Exigences en matière de reporting et de diligence raisonnable en matière de développement durable des entreprises
Ce vote porte sur le retour de négociations en trilogue du rapport dit « Omnibus I », qui modifie plusieurs textes clés en matière de durabilité des entreprises, notamment la directive sur les rapports de durabilité des entreprises (CSRD) et la directive sur le devoir de vigilance (CSDDD).
Ces textes, pourtant adoptés il y a moins de deux ans et pour lesquels j’étais rapportrice pour mon groupe, font l’objet d’un détricotage global, sous couvert de « simplification ». En réalité, les modifications apportées par ce rapport détruisent complètement leur ambition, notamment sur le devoir de vigilance.
Parmi les éléments d’affaiblissement : les seuils sont relevés à 5000 salariés et 1,5 milliard de chiffres d’affaires, le régime de responsabilité civile est supprimé, les plans de transition climatique retirés, les pénalités considérablement réduites et la responsabilité des entreprises limitée au 1er maillon de la chaîne.

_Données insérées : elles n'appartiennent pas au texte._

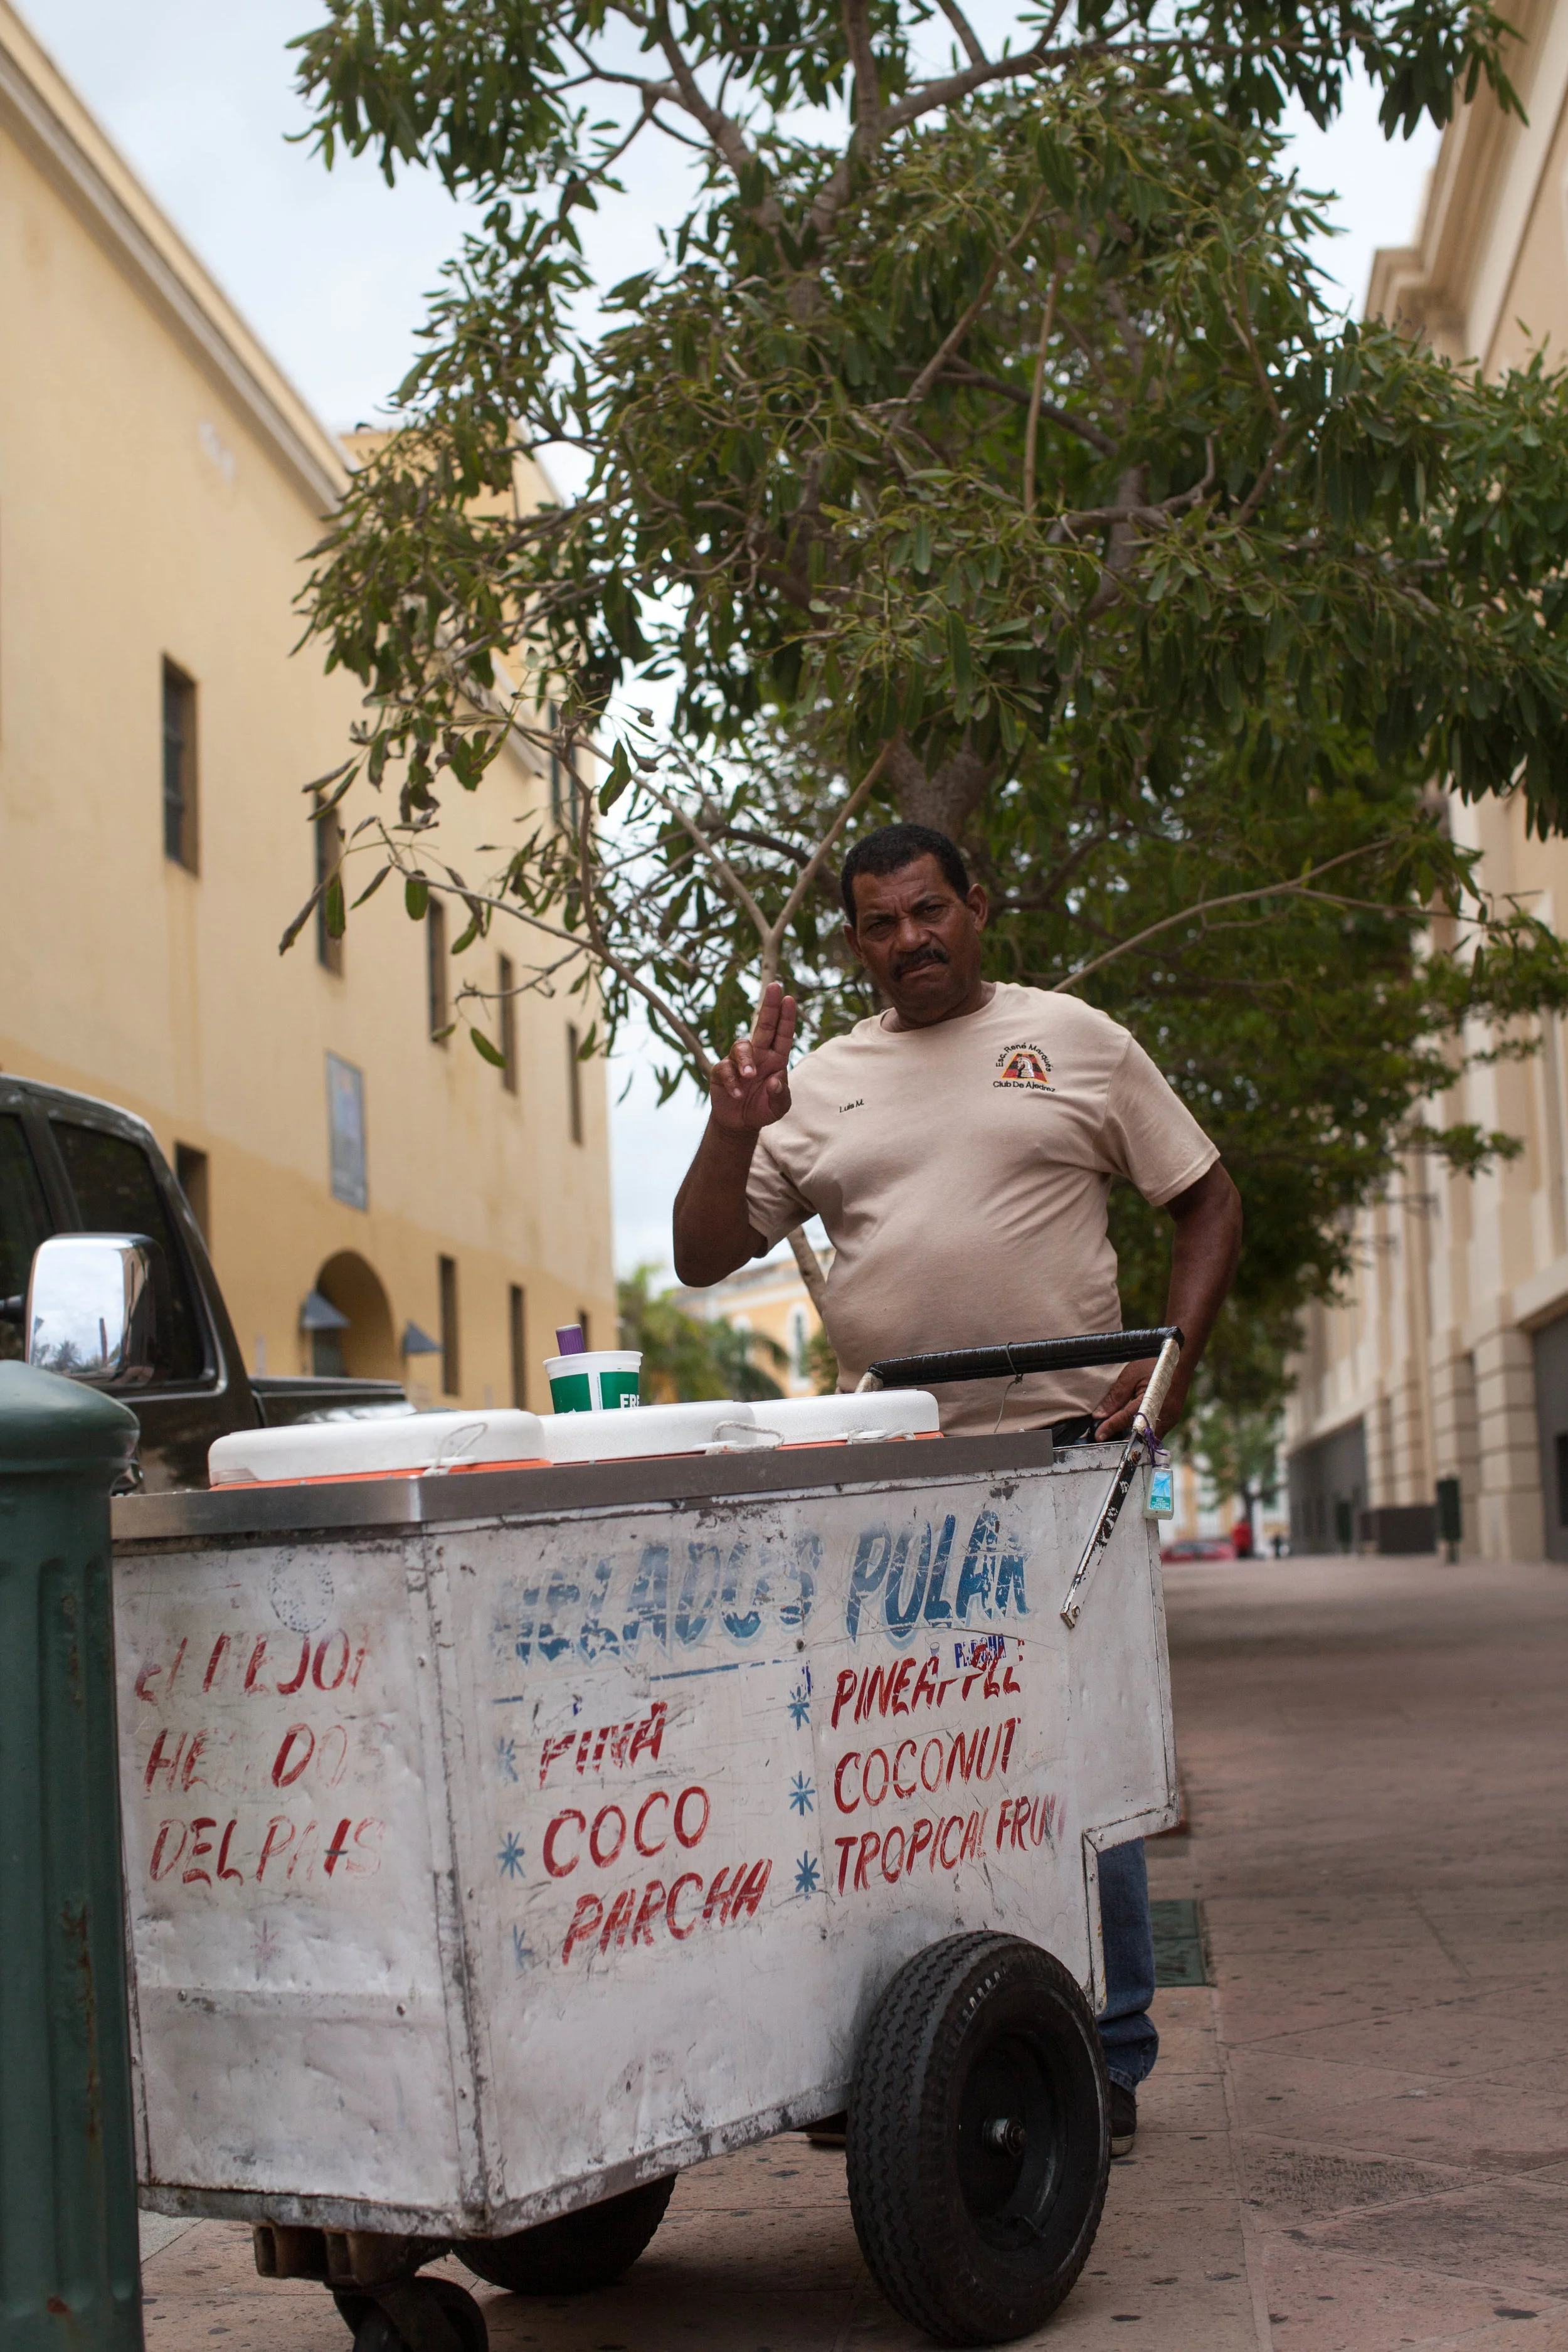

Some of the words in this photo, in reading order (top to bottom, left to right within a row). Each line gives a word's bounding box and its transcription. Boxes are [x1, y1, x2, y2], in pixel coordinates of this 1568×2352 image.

Sans surprise, le trilogue a conservé un champ très restrictif du nombre d’entreprises concernées par les deux directives. En conséquence, le devoir de vigilance est complètement vidé de sa substance et j’ai évidemment voté contre ce texte scandaleux qui fait partie d’une entreprise plus globale de la droite et de l’extrême-droite de dérégulation.